# EXERCISE INSTRUCTIONS
Exact copies of the records below are needed, free of pictures.
● ● ● ●
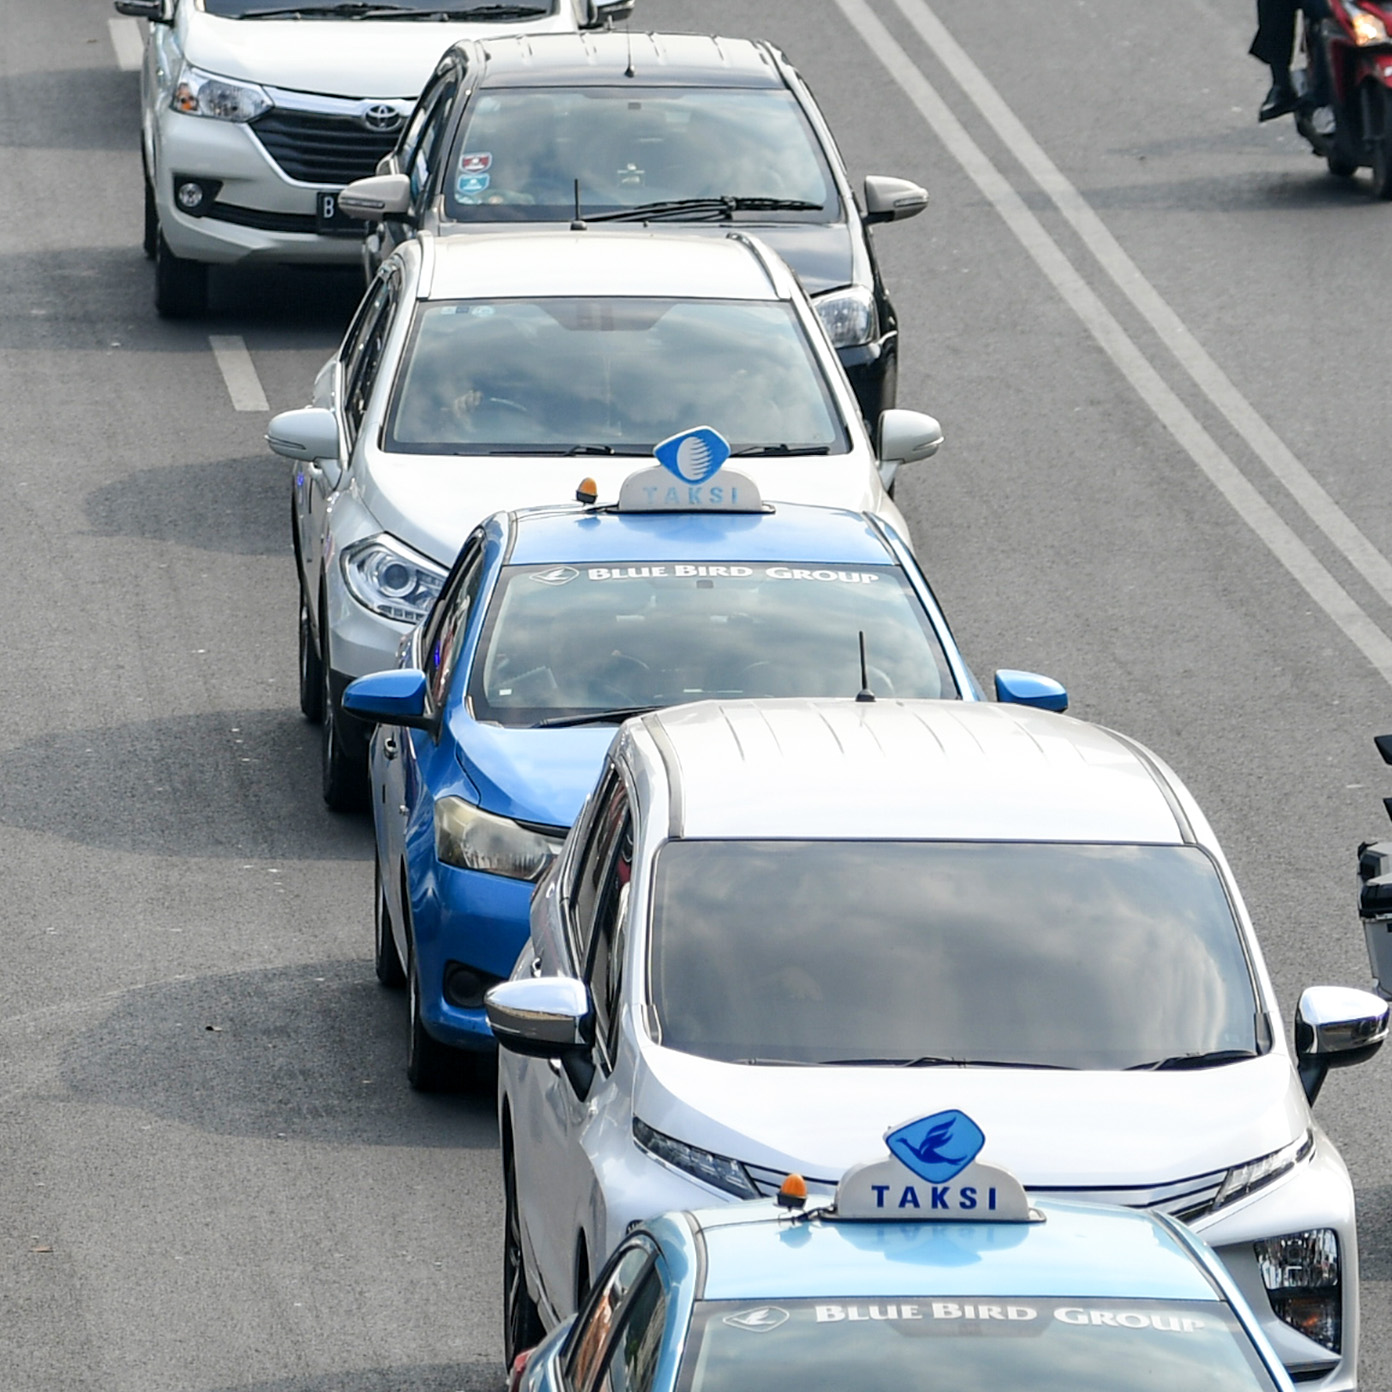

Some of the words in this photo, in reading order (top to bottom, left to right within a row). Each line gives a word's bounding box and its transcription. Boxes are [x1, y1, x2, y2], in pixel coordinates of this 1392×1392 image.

[323, 196, 335, 218] B
[642, 486, 739, 505] TAKSI
[587, 565, 672, 581] BLUE
[674, 564, 754, 579] BIRD
[766, 566, 880, 584] GROUP
[870, 1184, 997, 1210] TAKSI
[815, 1304, 924, 1324] BLUE
[932, 1302, 1039, 1322] BIRD
[1053, 1306, 1206, 1333] GROUP
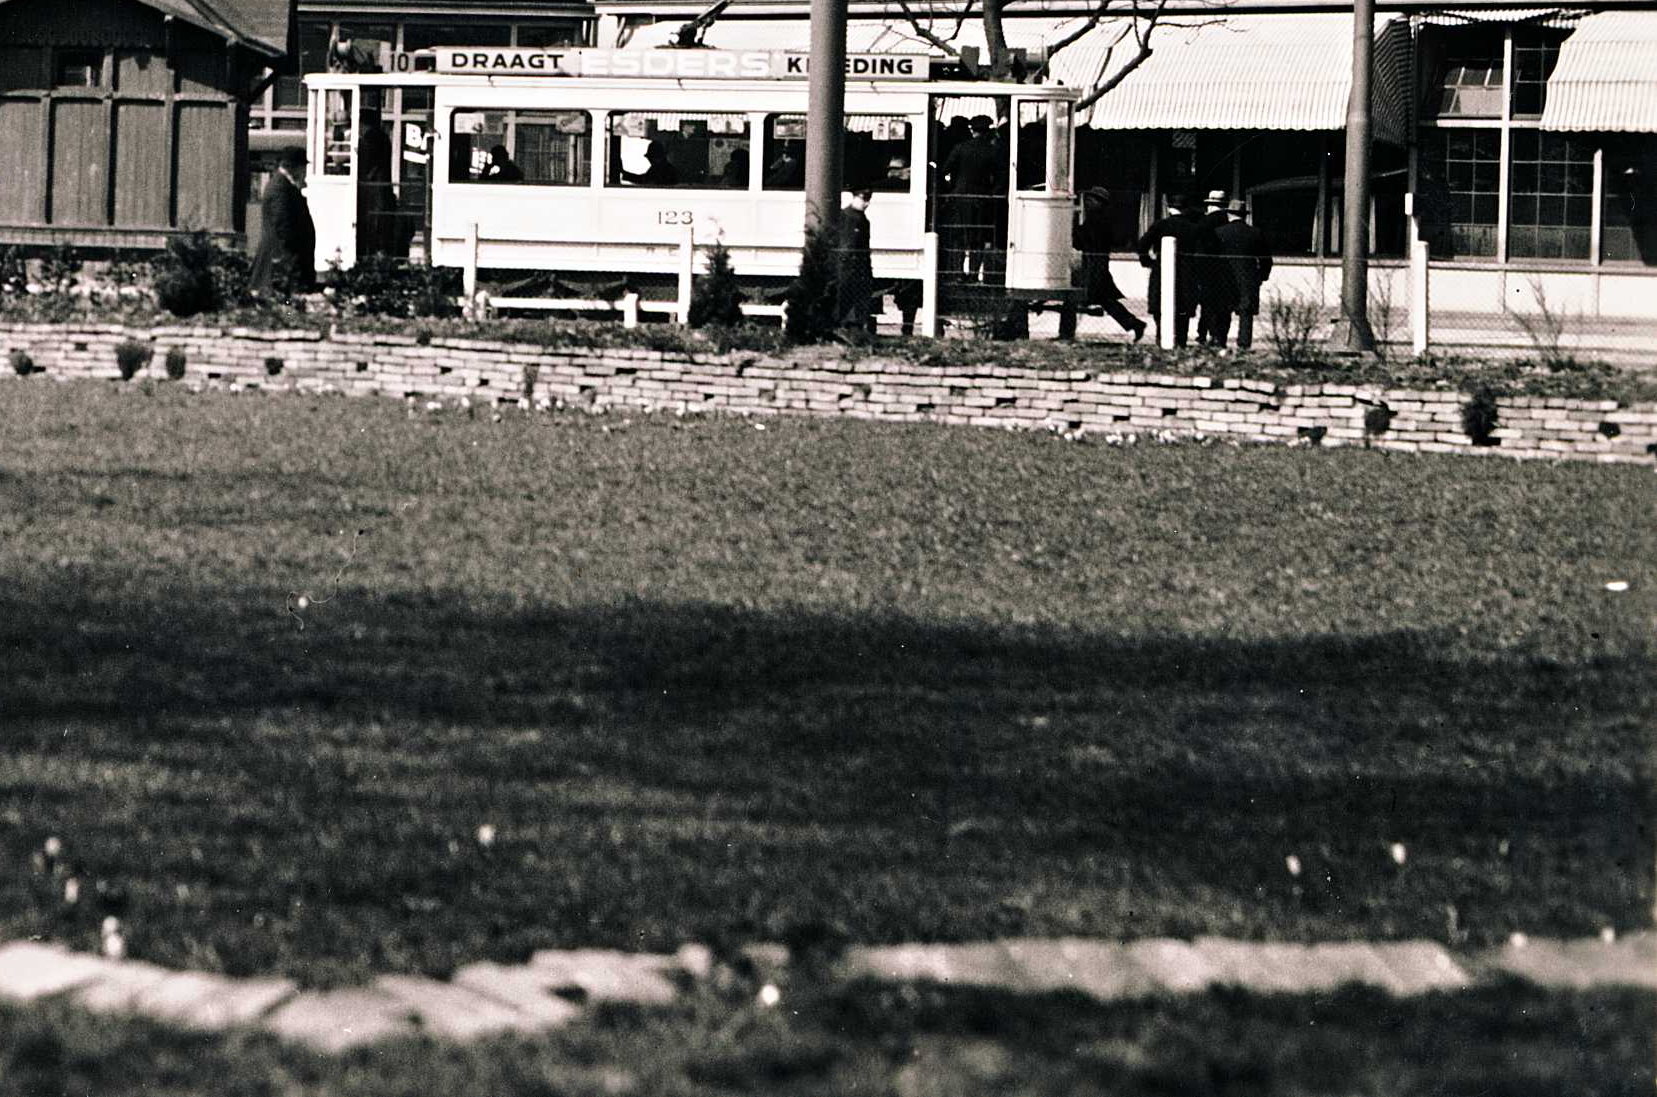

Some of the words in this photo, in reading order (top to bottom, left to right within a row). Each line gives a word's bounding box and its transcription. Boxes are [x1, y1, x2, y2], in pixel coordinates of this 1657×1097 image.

[452, 53, 564, 69] DRAAGT
[787, 57, 913, 74] KDING
[658, 210, 694, 225] 123
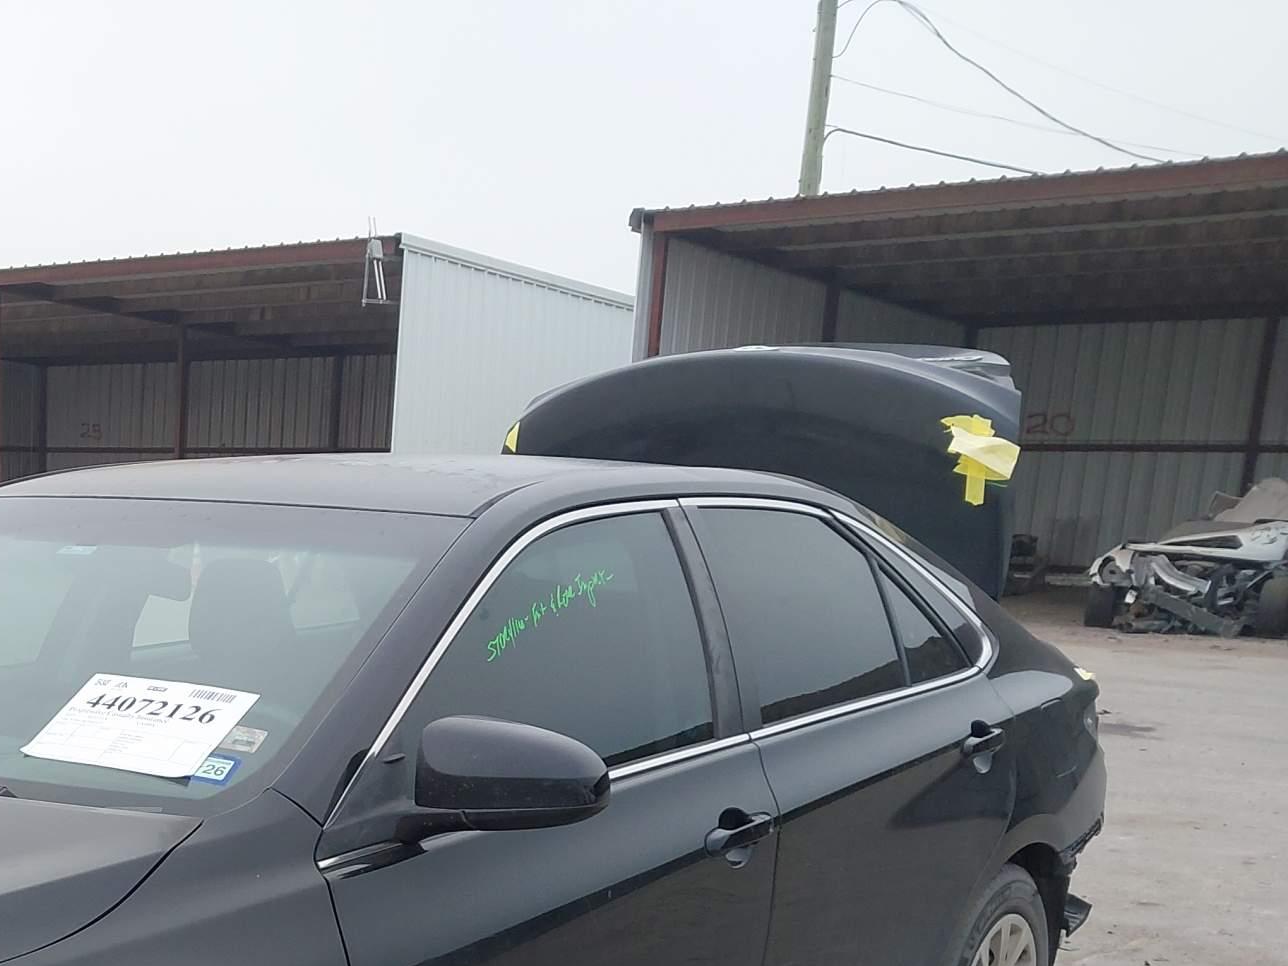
● ● ● ●
# EXERCISE RESULT
Some of the words in this photo, in reading order (top to bottom, left to right within a row). Each line gives a word's bounding box and its transcription. Boxes are [x1, y1, x2, y2], in pixel coordinates of this 1392×1392 image.

[323, 196, 335, 218] B
[642, 486, 739, 505] TAKSI
[587, 565, 672, 581] BLUE
[674, 564, 754, 579] BIRD
[766, 566, 880, 584] GROUP
[870, 1184, 997, 1210] TAKSI
[815, 1304, 924, 1324] BLUE
[932, 1302, 1039, 1322] BIRD
[1053, 1306, 1206, 1333] GROUP

Some of the words in this photo, in reading order (top to bottom, left to right within a row). Each line gives a word's bounding box and its transcription. Boxes are [x1, y1, x2, y2], in pixel coordinates of this 1657×1097 image.

[452, 53, 564, 69] DRAAGT
[787, 57, 913, 74] KDING
[658, 210, 694, 225] 123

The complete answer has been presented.